Imagine if you will staring at that candle in the mirror. I watched as the candle began to look like a bright white light. I focused on that as I started to watch the light getting closer to me. I seen images of grey or black with one in front, two behind him and than three and so on. I am not sure how many there was, but my focus was on the one in front leading them all towards me. They walked with a steady pace as I watched the one in front appear to be right in front of my face. I started to freak out because this was something that I couldn't imagine actually happening.
That's when I opened my eyes and said Oh my God. I sat there wondering what it was I actually saw, or if I just thought I seen something. And than I thought dang I am going nuts. I went to bed than just thinking about what I had saw. I knew what I had seen, and there was no way that I could talk myself into saying that I seen nothing.
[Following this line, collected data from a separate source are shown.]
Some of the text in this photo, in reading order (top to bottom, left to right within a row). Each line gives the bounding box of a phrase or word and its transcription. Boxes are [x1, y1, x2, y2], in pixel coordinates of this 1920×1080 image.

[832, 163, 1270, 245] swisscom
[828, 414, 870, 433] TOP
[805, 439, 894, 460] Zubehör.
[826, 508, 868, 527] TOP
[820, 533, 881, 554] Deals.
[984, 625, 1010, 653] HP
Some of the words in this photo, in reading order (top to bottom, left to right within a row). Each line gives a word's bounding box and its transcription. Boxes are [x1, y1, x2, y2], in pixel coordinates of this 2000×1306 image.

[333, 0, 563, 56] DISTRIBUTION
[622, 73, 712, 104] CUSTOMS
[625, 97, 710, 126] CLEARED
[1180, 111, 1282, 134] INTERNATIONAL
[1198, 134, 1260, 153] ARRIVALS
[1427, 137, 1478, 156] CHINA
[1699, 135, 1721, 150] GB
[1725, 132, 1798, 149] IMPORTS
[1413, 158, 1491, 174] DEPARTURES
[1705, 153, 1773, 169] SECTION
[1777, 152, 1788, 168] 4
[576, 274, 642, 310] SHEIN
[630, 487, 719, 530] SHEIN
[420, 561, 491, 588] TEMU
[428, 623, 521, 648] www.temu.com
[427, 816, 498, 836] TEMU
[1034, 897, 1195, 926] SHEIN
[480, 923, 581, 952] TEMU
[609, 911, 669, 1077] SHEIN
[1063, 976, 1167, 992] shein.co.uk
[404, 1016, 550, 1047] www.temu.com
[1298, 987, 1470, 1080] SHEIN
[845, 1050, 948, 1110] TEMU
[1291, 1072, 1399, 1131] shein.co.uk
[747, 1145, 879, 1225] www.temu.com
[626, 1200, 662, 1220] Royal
It was then that I had feel asleep. But I was seeing than what I seen before I opened my eyes in my chair. I was being lead down the tunnel towards the light that I had seen in the mirror. I was standing in front of these images. They wouldn't show themselves to me again. I am thinking it was because of how freaked out I got before. So I wasn't focusing on who it actually was behind me.
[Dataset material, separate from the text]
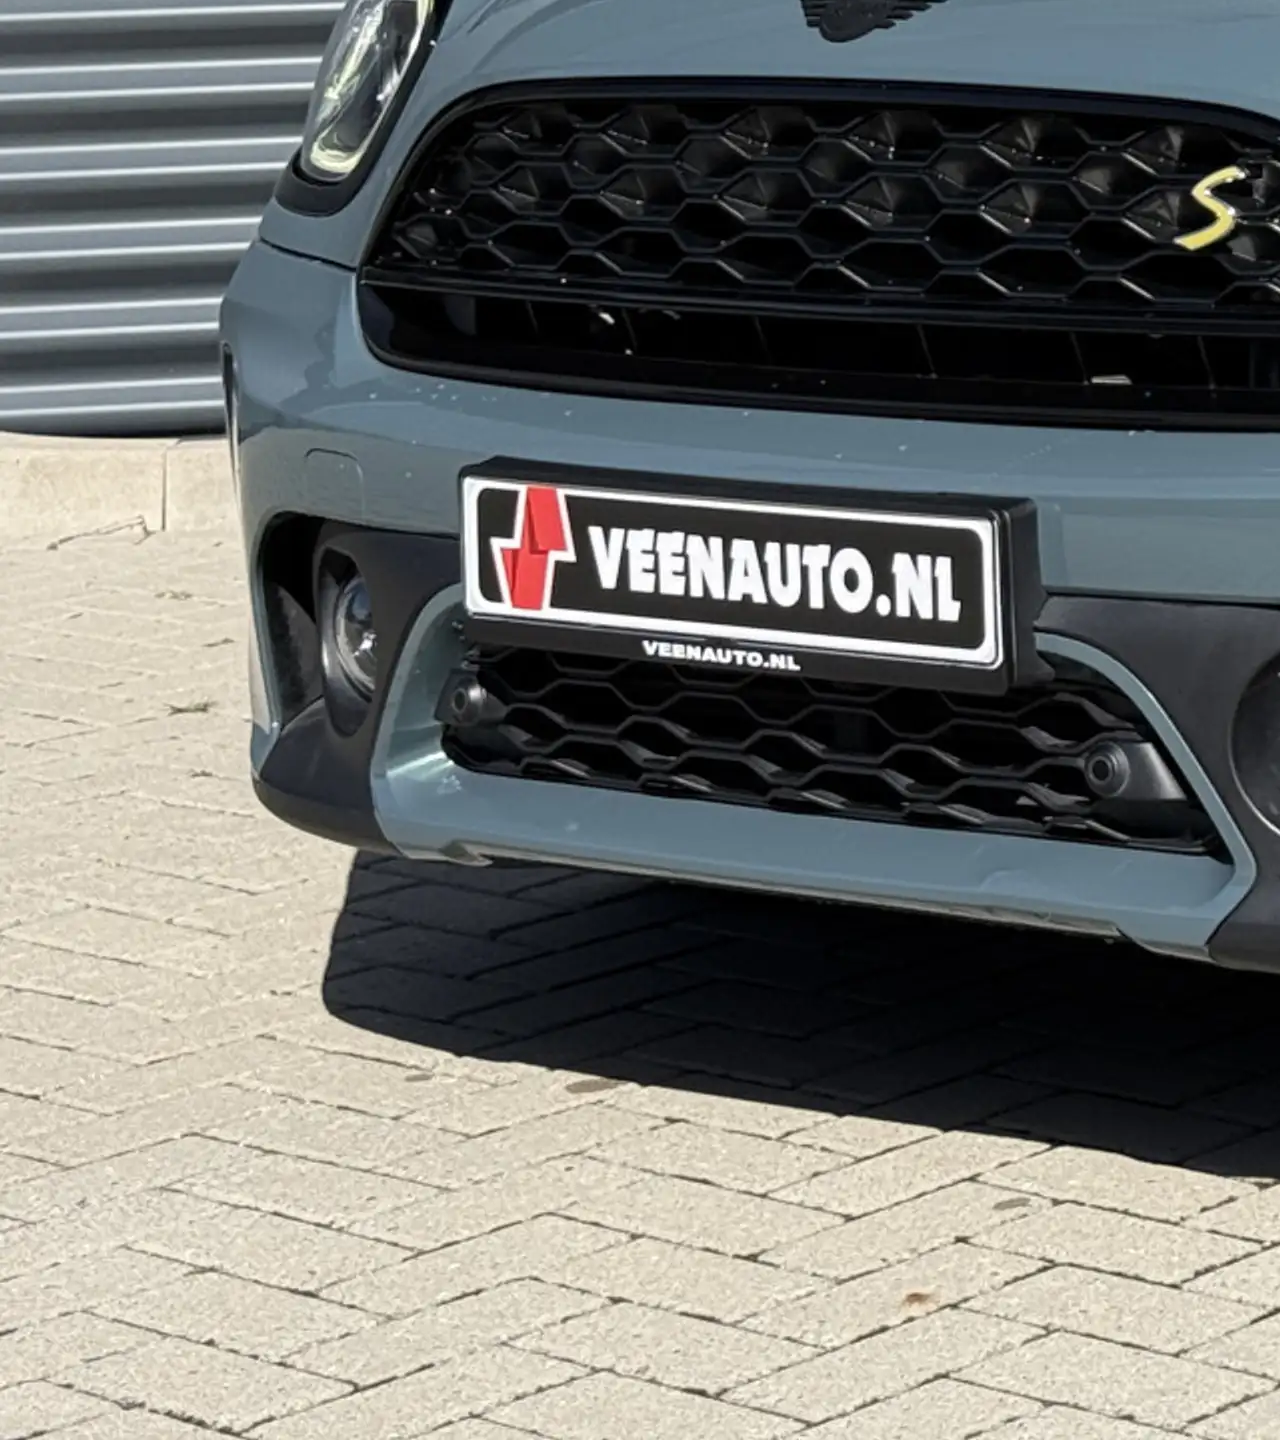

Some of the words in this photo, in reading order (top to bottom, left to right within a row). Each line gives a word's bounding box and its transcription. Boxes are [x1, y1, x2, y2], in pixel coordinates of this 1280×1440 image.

[1173, 165, 1247, 251] S
[587, 524, 962, 622] VEENAUTO.NL
[641, 639, 801, 671] VEENAUTO.NL
Although I do have the strong feeling that it was those that I have missed that have passed on. They came together to show me the one thing that I have asked for. I tried to reach them for so long. I would talk to them in my thoughts or think of them when I listened to music or was somewhere that reminded me of them. They reached me that night giving me the peace and knowing I would see them again.
When you die it's only the physical side that leaves you. The soul that is inside lives on. God tried to get us all to see it when he wrote his words in the Bible. But it's only the few who search and can use it for good see and knows. You all have it inside of you for God has placed love in all of us and that is what God is all about. Our soul is on a neverending journey.
Coming to earth is apart of the cycle of life. When we die we all go to a higher place, we learn there in heaven just as we did on earth. It's a journey of the all knowing. Free will is something that God has given all of us and we choose how we want to live our life. That free will goes with us when our soul travels. Heaven has many gifts to offer us. We learn what the whole purpose is. We see what eternity is. We feel overwhelming love and compassion inside. It's something that noone can explain: life. They showed me that night.
You can choose where you wanna go or how far you wanna travel in heaven. You can go back again and live on earth all over again. You choose who you want to be your mother and father. You learn from everything you ever go through. They are here right now as I am telling you, guiding me to say the right things and touching your soul right now. Do you hear the voices in your head? Do you want to see what they have been wanting to show you? Whomever that might be they have been there this whole time trying to reach you. It took me, Tammy to show you all what you can truely see. Don't let the doubt control your mind. This is something that noone can explain. It's not meant to be explained I dont think. It's just you wanting and needing to know and reaching out. They are there, can you feel them. Waiting there in the darkness. I never thought I could have this happen in my life. But it's something I will never forget. I will go on telling my story, with many laughing and doubting. Open your eyes and face what's true.